With projects from across the country, SOUND OFF is a unique opportunity for artists, presenters and producers to encounter the breadth of Deaf theatre practice in Canada. From the sketch comedy delights of Deaf Spirit Theatre (Kingston) to the physical theatre brilliance of Deaf Crows (Regina), there were multiple approaches to centring Deaf experience and aesthetics on stage. Some projects presented ASL performance with simultaneous English surtitling, some used English intertitles, like a silent film, between ASL scenes, and others used physical theatre and ASL in combination with surtitling. The aim in all cases was to explore Deaf culture on stage using storytelling methods that are meaningful for a Deaf audience.

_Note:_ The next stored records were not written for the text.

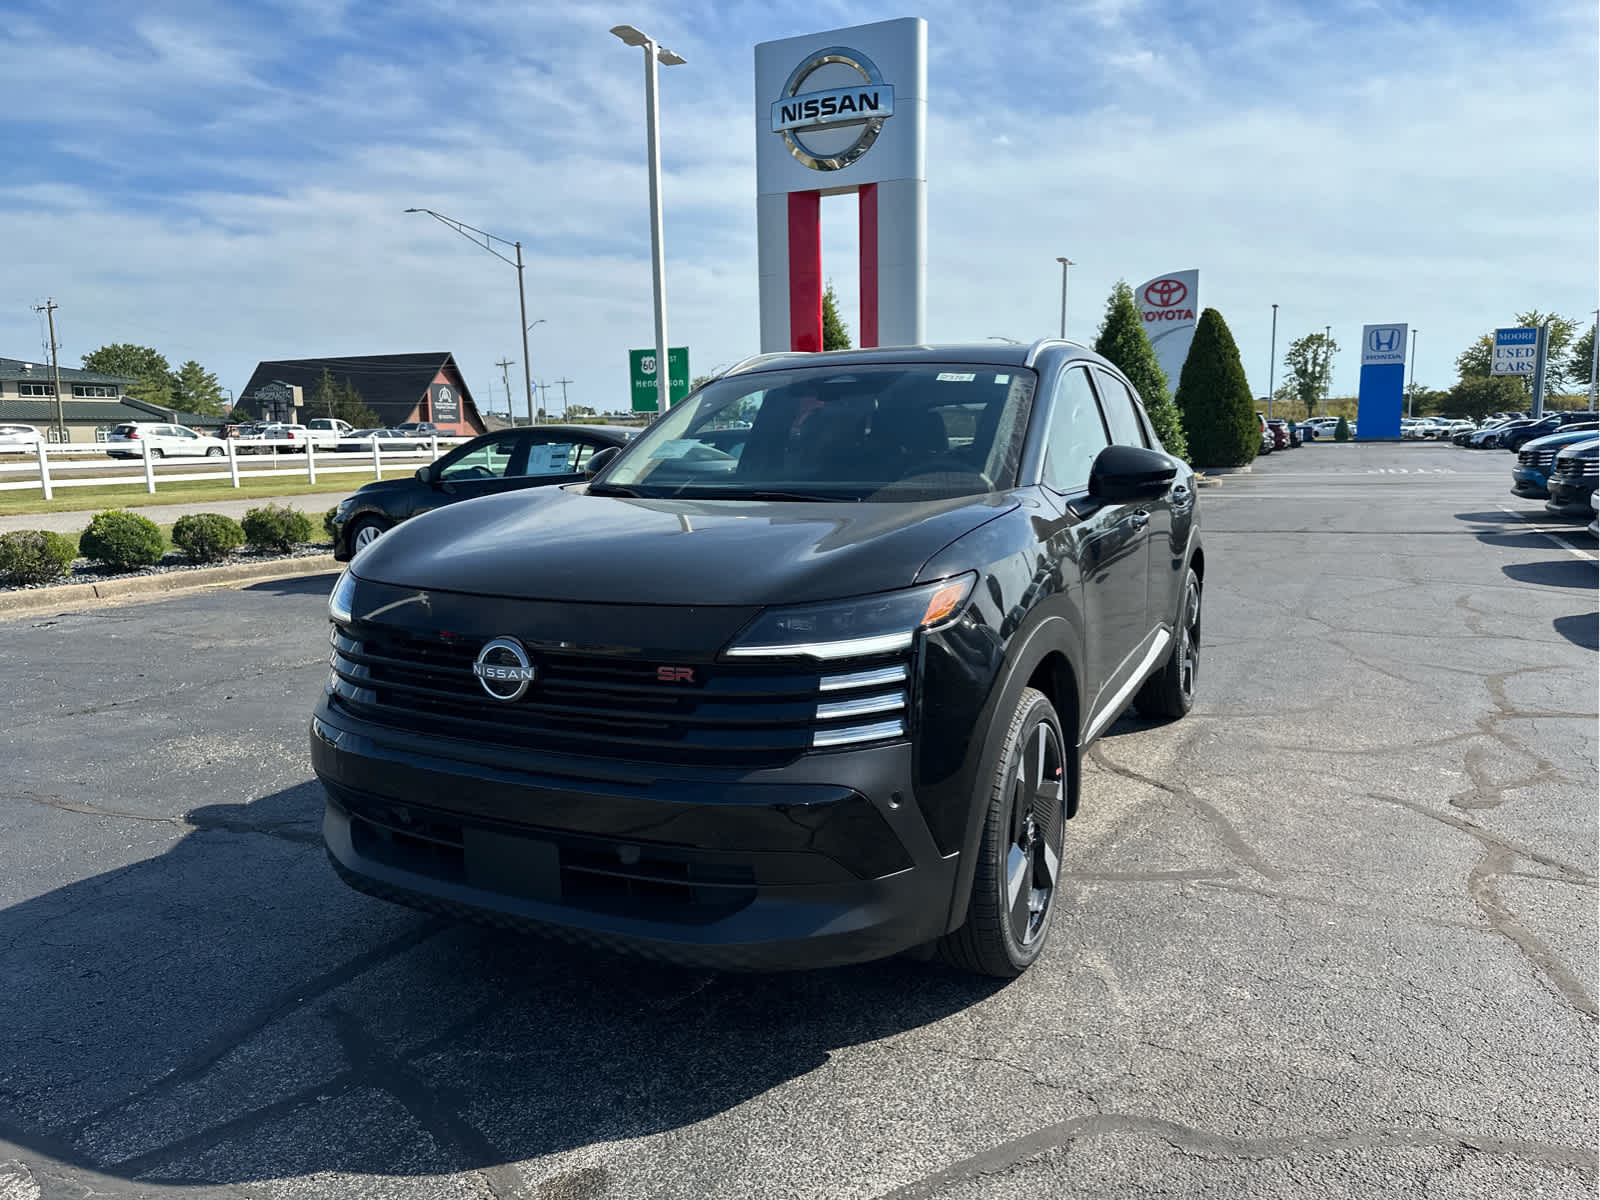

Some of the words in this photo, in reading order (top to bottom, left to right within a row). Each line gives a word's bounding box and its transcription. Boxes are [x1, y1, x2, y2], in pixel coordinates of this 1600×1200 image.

[781, 92, 879, 123] NISSAN
[1143, 309, 1194, 322] OYOTA
[1499, 332, 1535, 341] MOORE
[1496, 347, 1536, 358] USED
[642, 359, 655, 371] 60
[1494, 361, 1535, 371] CARS
[473, 664, 533, 680] NISSAN
[657, 666, 696, 682] SR

In the conversations, salons, and workshops between shows, several themes arose: the need for Deaf-led theatre training across the country; the lack of infrastructure for connecting Deaf artists to each other; and the incredible artistic energy in the community. Building on the conversations that happened at Awakening Deaf Theatre in Montreal last November, the leaders of the Canadian Deaf theatre community continued to build their vision for a more robust network – for artistic exchange, advocacy, and mutual support.

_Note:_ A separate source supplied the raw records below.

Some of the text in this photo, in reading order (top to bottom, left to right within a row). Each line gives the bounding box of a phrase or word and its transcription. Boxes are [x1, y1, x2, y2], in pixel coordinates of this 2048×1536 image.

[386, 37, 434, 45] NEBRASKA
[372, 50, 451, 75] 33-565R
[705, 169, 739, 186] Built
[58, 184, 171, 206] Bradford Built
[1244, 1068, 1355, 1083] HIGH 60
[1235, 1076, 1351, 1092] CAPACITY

As I encountered the work with the recent PuSh keynote by Dawn Jani Birley in mind, it was exciting to consider myself a linguistic minority in this context, and to immerse myself in an ASL-rich space. Just as the Francophone theatre in Vancouver, Théâtre la Séizième, offers surtitled performances that give me as an English-speaker access to the uniqueness of Francophone theatre, Deaf theatre often offers ways both for hearing audiences, and for people who are Deaf but don’t use ASL, to access the performance. Language expresses culture in unique ways, and is considered by many to be the root of cultural protection and nurturance. An expansion of Deaf theatre in Canada will offer a platform for expression of Deaf culture that serves members of that community, and offers hearing audiences a window into the richness of that culture.
Because Jess and I had attended the Awakening Deaf Theatre conference, there were many familiar faces, and an incredibly welcoming community. I was able to have some artistically generative conversations with artists to learn about how they want to develop their work. Cahoots Theatre’s Deaf Artists Theatre Toolkit is a great launch point for understanding the complexity of a bilingual theatre process and how to appropriately resource Deaf artists. Before a show moves into production, however, we need to develop creative relationships. SOUND OFF provided interpreters between events to support relationship-building conversations. Canadian theatre needs more of these opportunities to develop the creative rapport that sparks creative process.
I encountered multiple perspectives about the role of hearing theatre allies in supporting the emergence of a robust Deaf theatre in Canada. On the whole, there was an exciting openness and invitation to consider collaboration, as long as Deaf artists are in the driver’s seat and in control of the money. PTC’s role at this stage is as a learner and hopefully to earn our place as an ally. Vancouver Deaf cultural leader Landon Krentz of Artistic Sign Language has mentored me in my understanding of Deaf-led practice, and his critical feedback is helping PTC shape our participation. I encourage artists from across the country to put SOUND OFF on your festival schedule for 2020, to experience Deaf theatre in a vibrant cultural context.